Подлинная ее стихия — роковые женщины сильных страстей — Федра, Клеопатра, Медея, леди Макбет. Что-то удалось осуществить. Что-то она сознательно отвергла. Но в чем-то сохранила за собой право на такой тип по жизни.
В ней есть что-то эротичное. Почти запретное. Плисецкой по жизни нужен комплиментарный партнер. А вот с равновеликим, каким был Марис Лиепа, «брак» не сложился. И они быстро расстались.
Ее темперамент и импульсивная энергия сметают все на своем пути. Многие годы Родион Щедрин не допускает ее к вождению автомобиля. Ибо она стремится выжать газ до предела.
Вообще ей повезло с мужем. Как правило, он находится в тени прожекторов ее успеха, но при этом поддерживает, помогает, смягчает повороты судьбы… Только к нему она прислушивается, отступая от фрондирующей парадоксальности.

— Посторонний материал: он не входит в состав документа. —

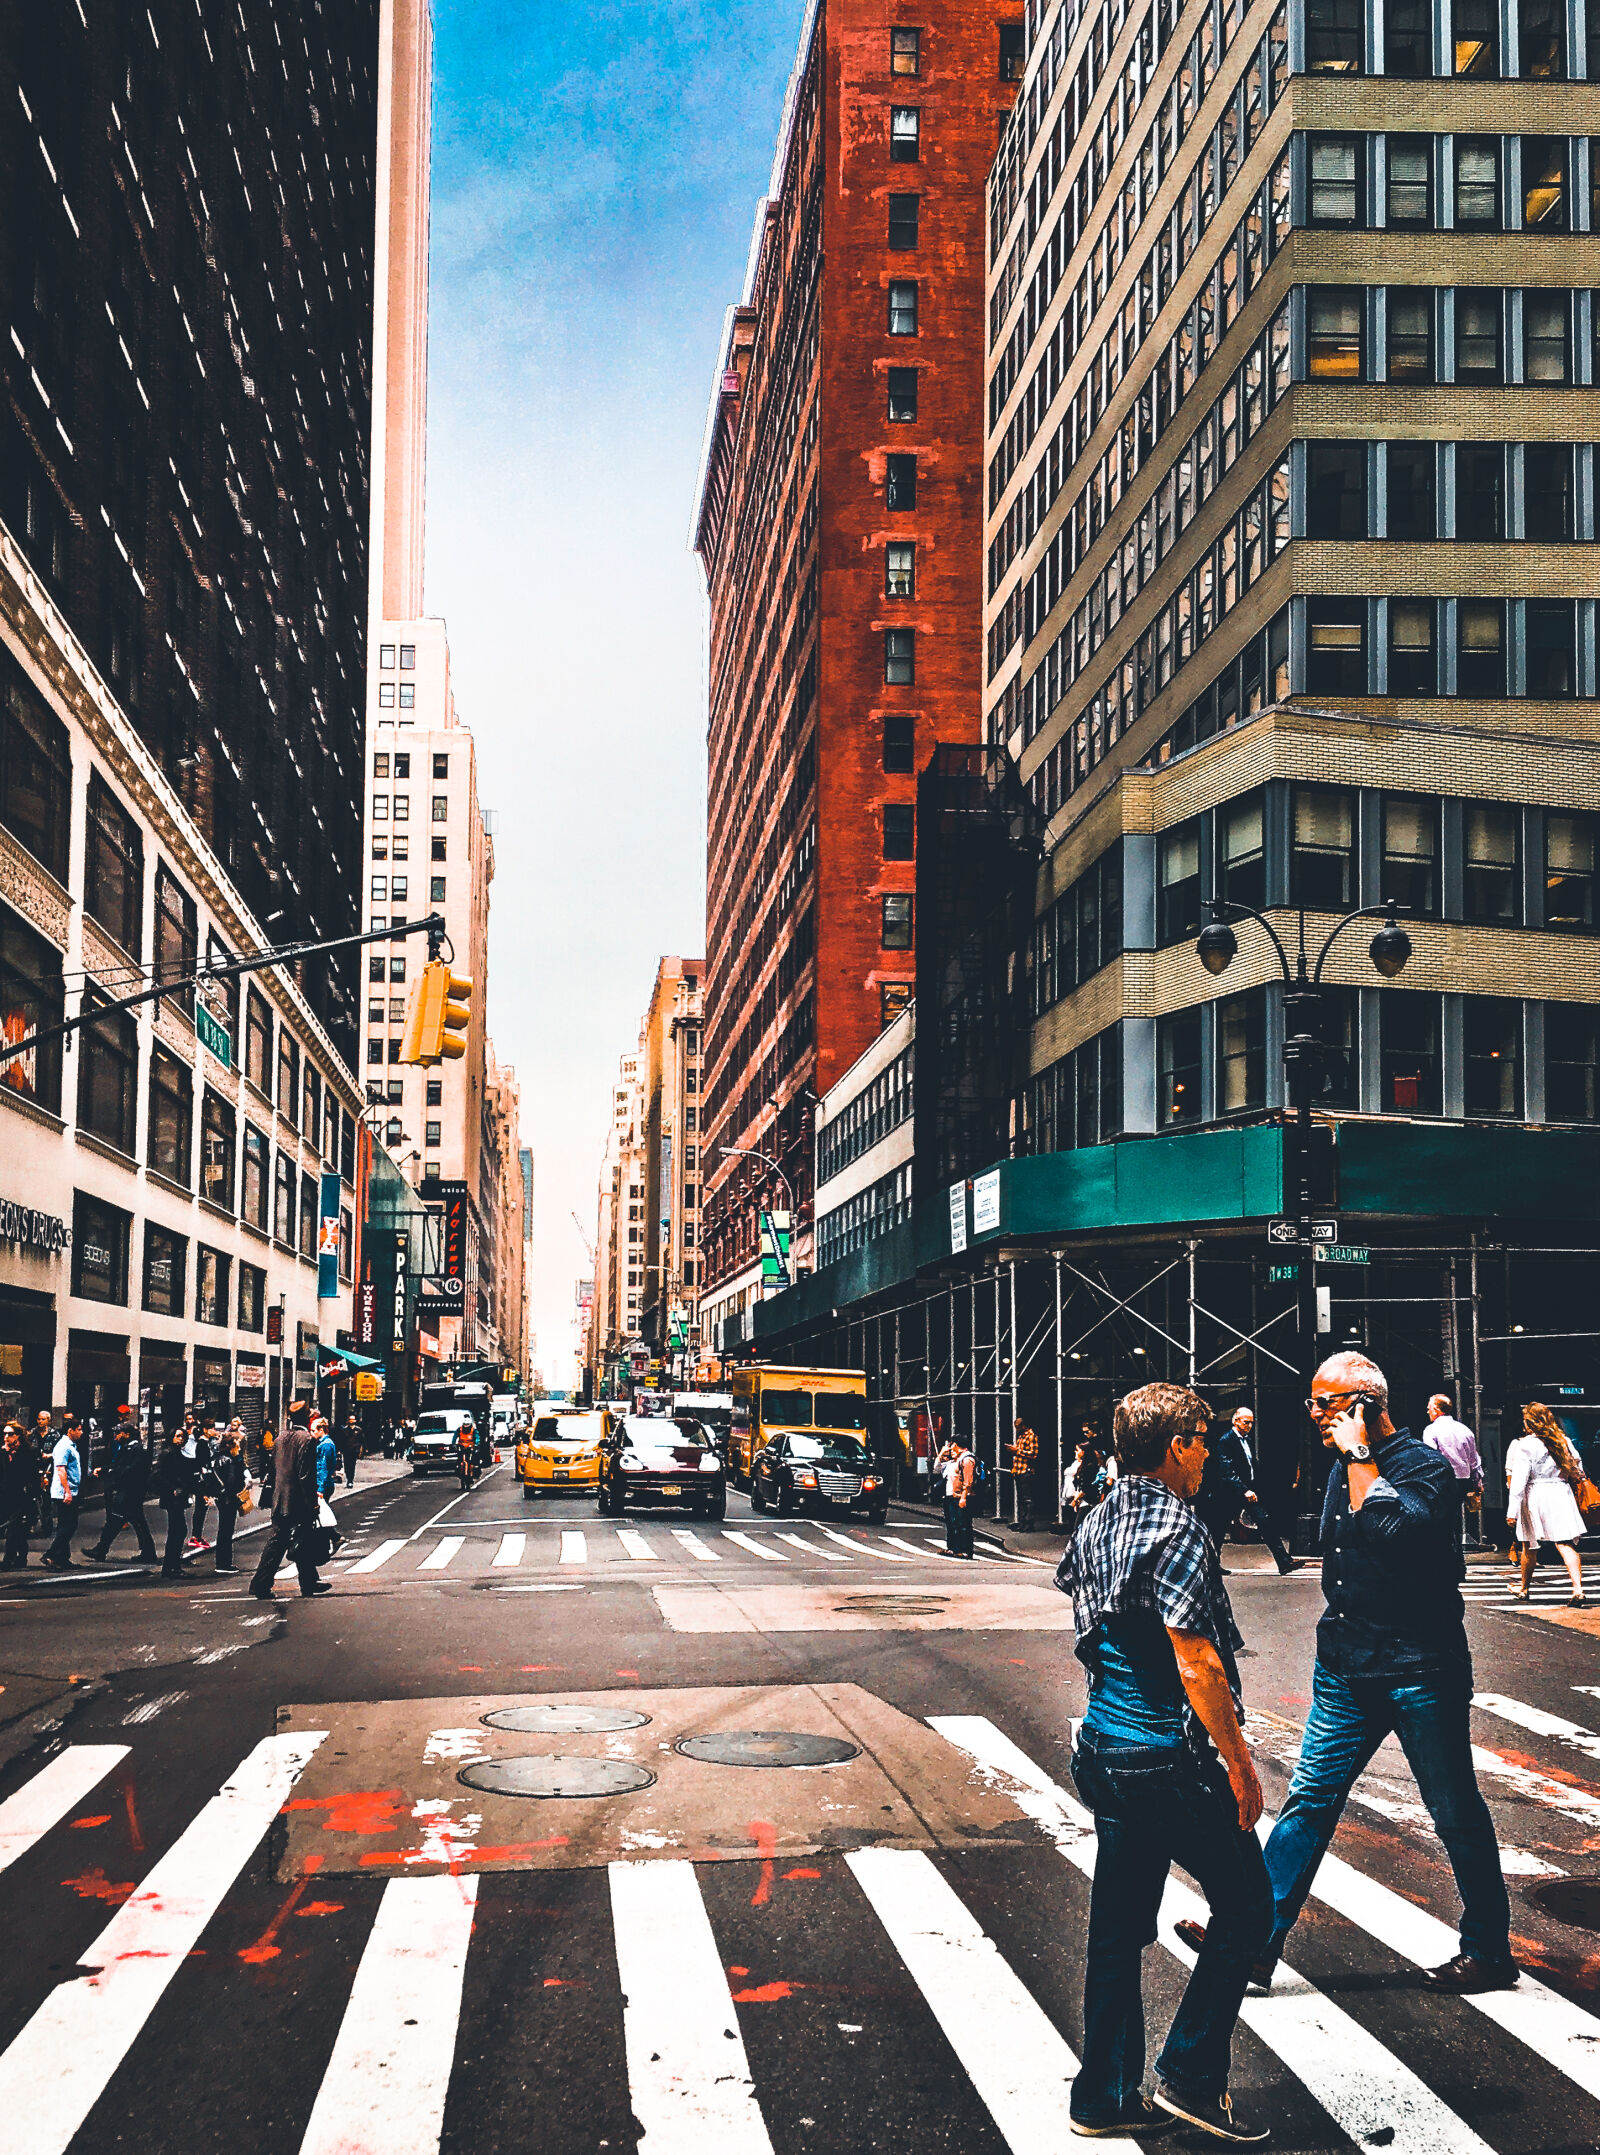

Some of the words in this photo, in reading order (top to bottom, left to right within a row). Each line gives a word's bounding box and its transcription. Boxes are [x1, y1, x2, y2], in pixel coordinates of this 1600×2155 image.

Он на 25 лет продлил жизнь своей избранницы в балете, создав музыку к драматическим спектаклям, которые она средствами хореографии разыгрывала на сцене, когда классический танец по возрасту стал для нее затруднителен.
На сцене индивидуальность Плисецкой просто фонит. Как радиоактивные изотопы, пробивая самых непосвященных. Лукавое кокетство Китри и гордая непримиримость Лауренсии в ее исполнении победоносны, а их жизнеутверждающая экспрессия просто сметает все преграды. Что уж говорить о Кармен… Ею очарованы многие. Достаточно посмотреть мемуарные фото. Плисецкая завораживала и покоряла. Пьер Карден, признав в ней свой идеал модели, по-рыцарски служил ей многие годы, безвозмездно поставляя целые обоймы сценических костюмов — к «Анне Карениной» и всем последующим спектаклям. Даже черное платье с раструбами, перехваченное темнозеленым атласным поясом, в котором она более десяти лет выходила на чествования.
В ней все сошлось в магическом сплаве: природный дар, артистическая среда, человеческая судьба и эпоха.